What is expected:
What's wanted is a faithful retyping of every entry, pictures excluded.

Dataset entries:
......

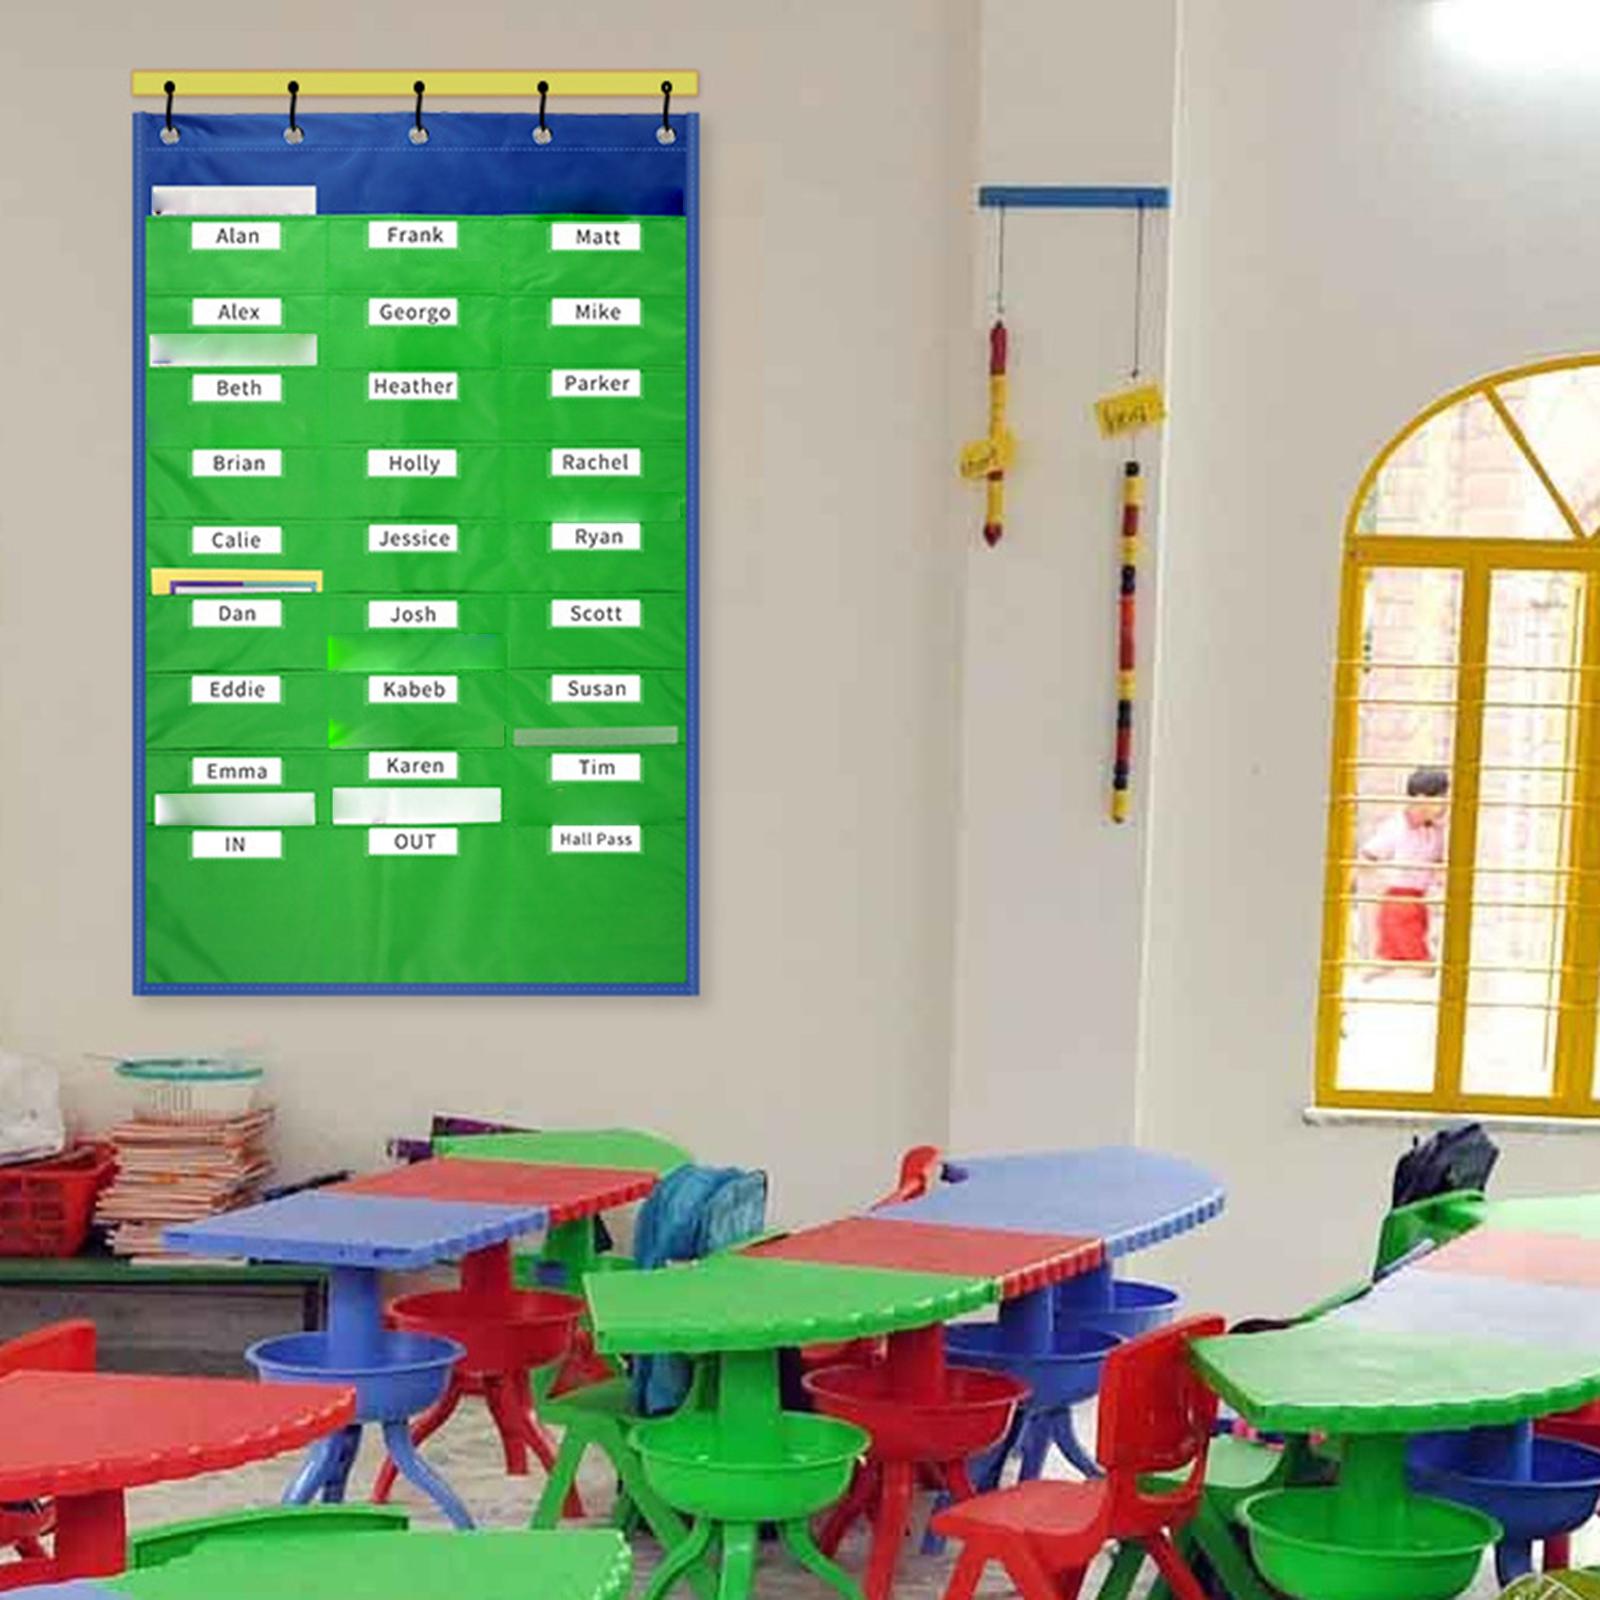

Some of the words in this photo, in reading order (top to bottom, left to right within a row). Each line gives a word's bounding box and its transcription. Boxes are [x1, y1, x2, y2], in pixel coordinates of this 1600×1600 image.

[216, 227, 259, 244] Alan
[387, 226, 443, 243] Frank
[576, 229, 620, 245] Matt
[218, 303, 260, 321] Alex
[379, 303, 451, 325] Georgo
[575, 303, 621, 321] Mike
[216, 379, 262, 397] Beth
[374, 377, 453, 395] Heather
[565, 375, 630, 392] Parker
[213, 455, 265, 472] Brian
[389, 454, 441, 476] Holly
[562, 453, 628, 471] Rachel
[212, 531, 261, 549] Calie
[379, 531, 450, 547] Jessice
[575, 528, 623, 549] Ryan
[219, 605, 256, 622] Dan
[390, 605, 436, 623] Josh
[570, 605, 622, 622] Scott
[210, 680, 265, 698] Eddie
[383, 681, 446, 698] Kabeb
[568, 680, 626, 697] Susan
[207, 763, 268, 780] Emma
[387, 757, 444, 774] Karen
[579, 759, 616, 775] Tim
[225, 837, 245, 852] IN
[394, 833, 436, 850] OUT
[560, 832, 592, 846] Hall
[596, 832, 633, 846] Pass
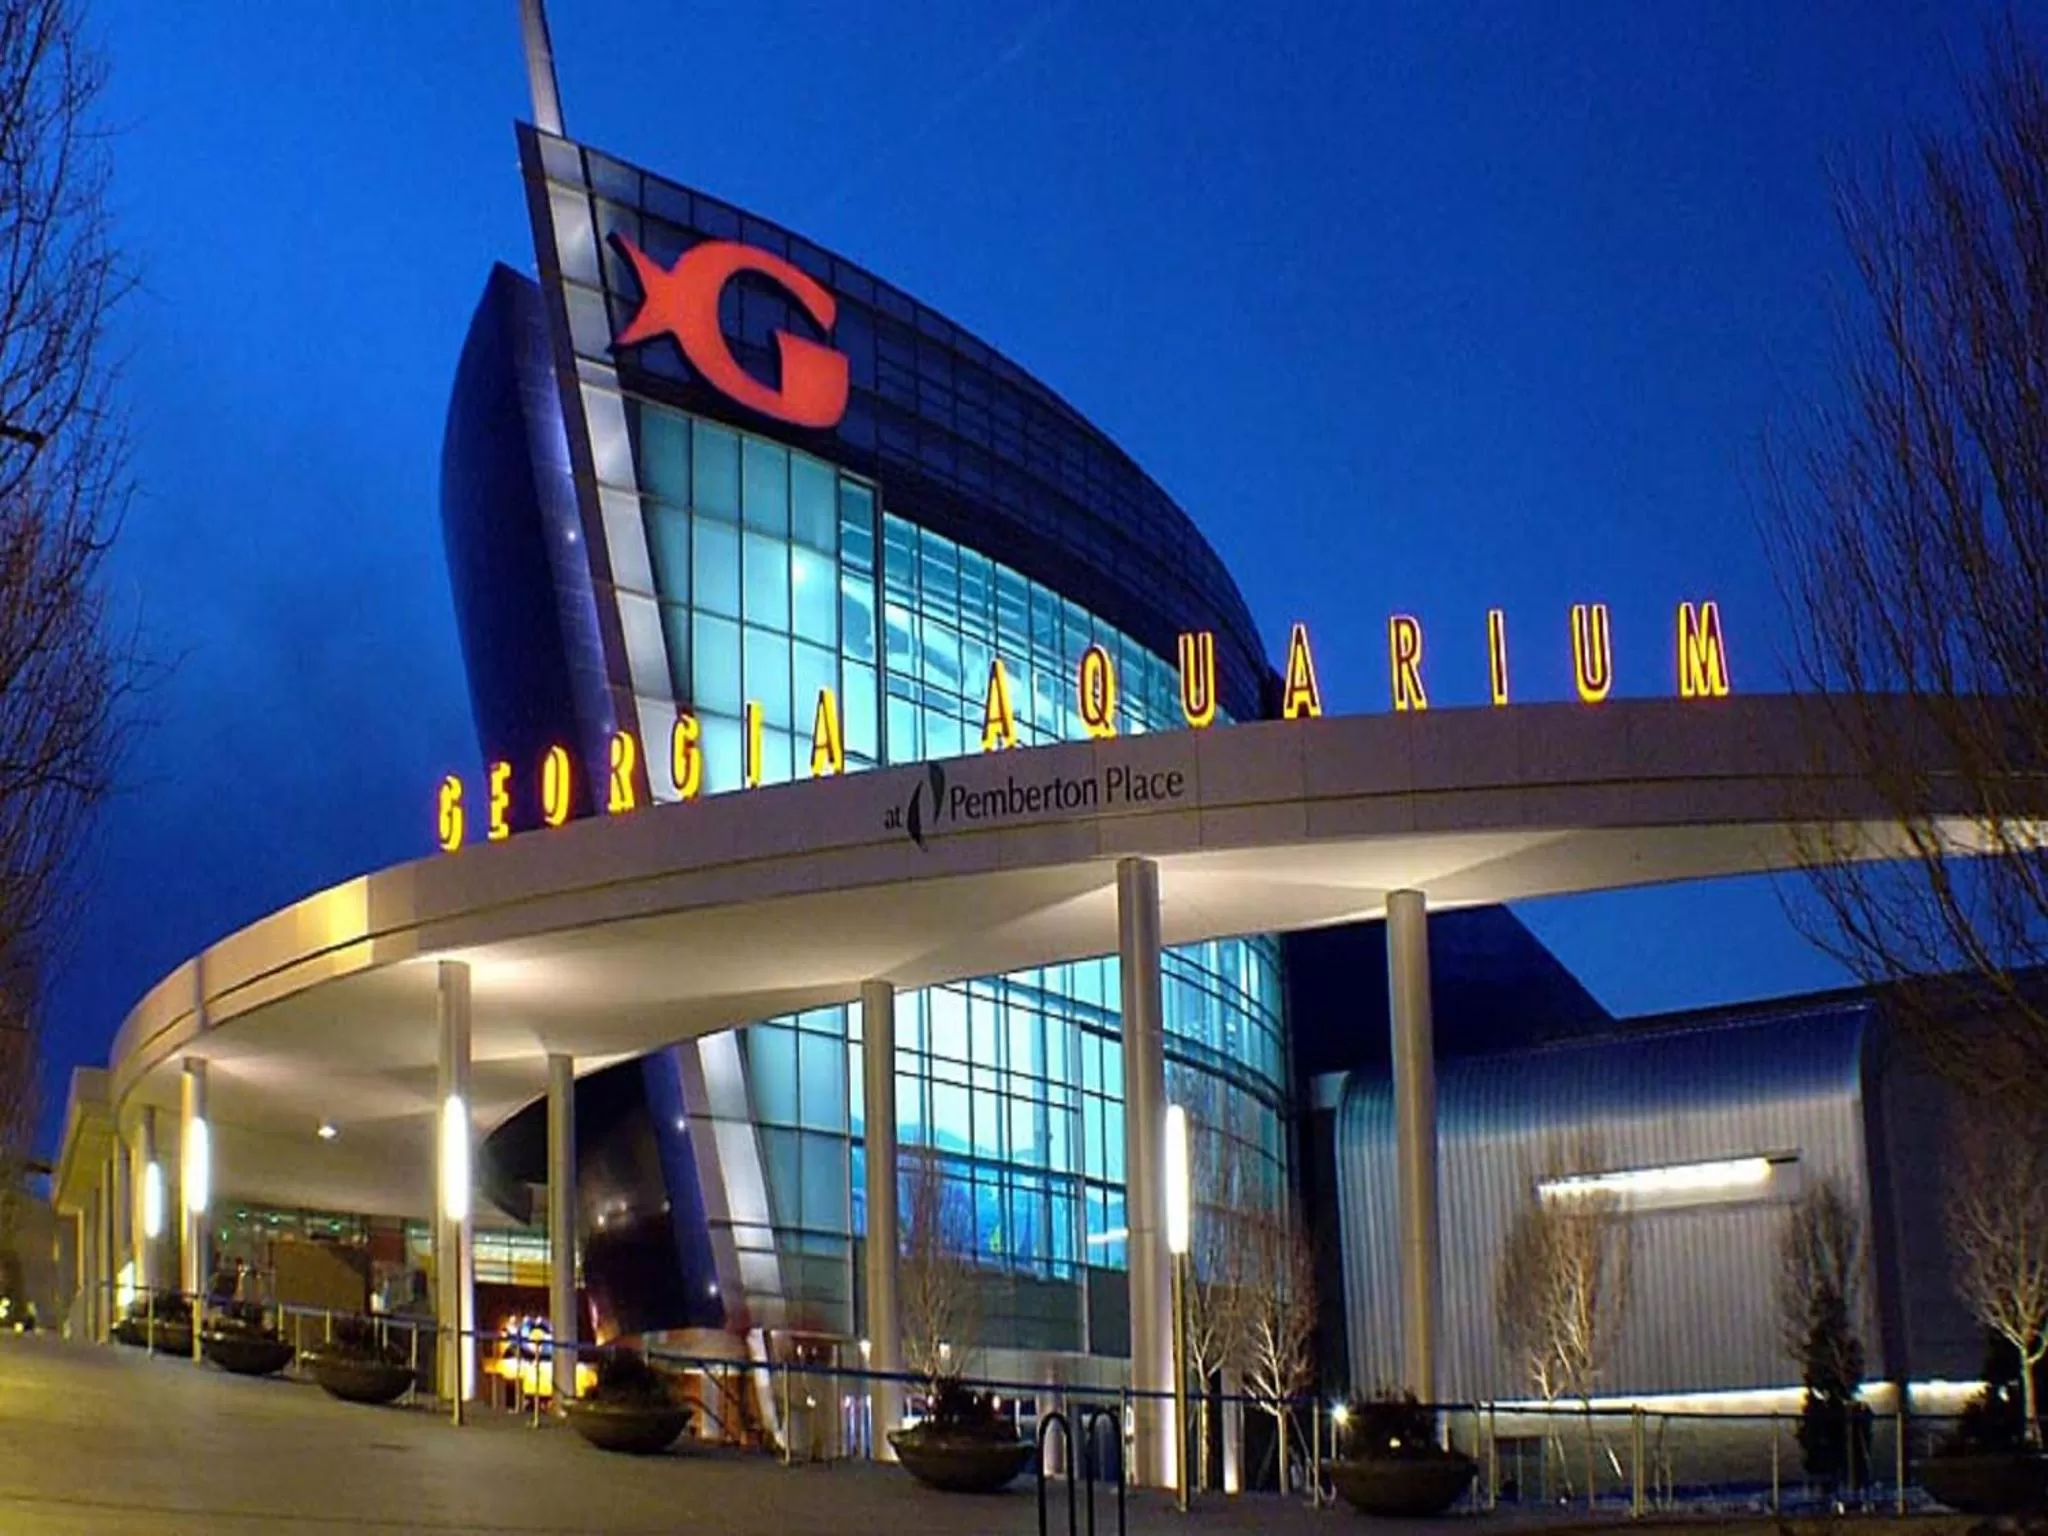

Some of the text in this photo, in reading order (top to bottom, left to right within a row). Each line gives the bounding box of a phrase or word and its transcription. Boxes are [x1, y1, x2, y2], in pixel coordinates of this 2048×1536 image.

[437, 601, 1730, 852] GEORGIA AQUARIUM
[884, 765, 1184, 830] at Pemberton Place

......

Response:
Some of the words in this photo, in reading order (top to bottom, left to right within a row). Each line gives a word's bounding box and its transcription. Boxes are [x1, y1, x2, y2], in pixel coordinates of this 1600×1600 image.

[216, 227, 259, 244] Alan
[387, 226, 443, 243] Frank
[576, 229, 620, 245] Matt
[218, 303, 260, 321] Alex
[379, 303, 451, 325] Georgo
[575, 303, 621, 321] Mike
[216, 379, 262, 397] Beth
[374, 377, 453, 395] Heather
[565, 375, 630, 392] Parker
[213, 455, 265, 472] Brian
[389, 454, 441, 476] Holly
[562, 453, 628, 471] Rachel
[212, 531, 261, 549] Calie
[379, 531, 450, 547] Jessice
[575, 528, 623, 549] Ryan
[219, 605, 256, 622] Dan
[390, 605, 436, 623] Josh
[570, 605, 622, 622] Scott
[210, 680, 265, 698] Eddie
[383, 681, 446, 698] Kabeb
[568, 680, 626, 697] Susan
[207, 763, 268, 780] Emma
[387, 757, 444, 774] Karen
[579, 759, 616, 775] Tim
[225, 837, 245, 852] IN
[394, 833, 436, 850] OUT
[560, 832, 592, 846] Hall
[596, 832, 633, 846] Pass

Some of the text in this photo, in reading order (top to bottom, left to right within a row). Each line gives the bounding box of a phrase or word and its transcription. Boxes are [x1, y1, x2, y2], in pixel coordinates of this 2048×1536 image.

[437, 601, 1730, 852] GEORGIA AQUARIUM
[884, 765, 1184, 830] at Pemberton Place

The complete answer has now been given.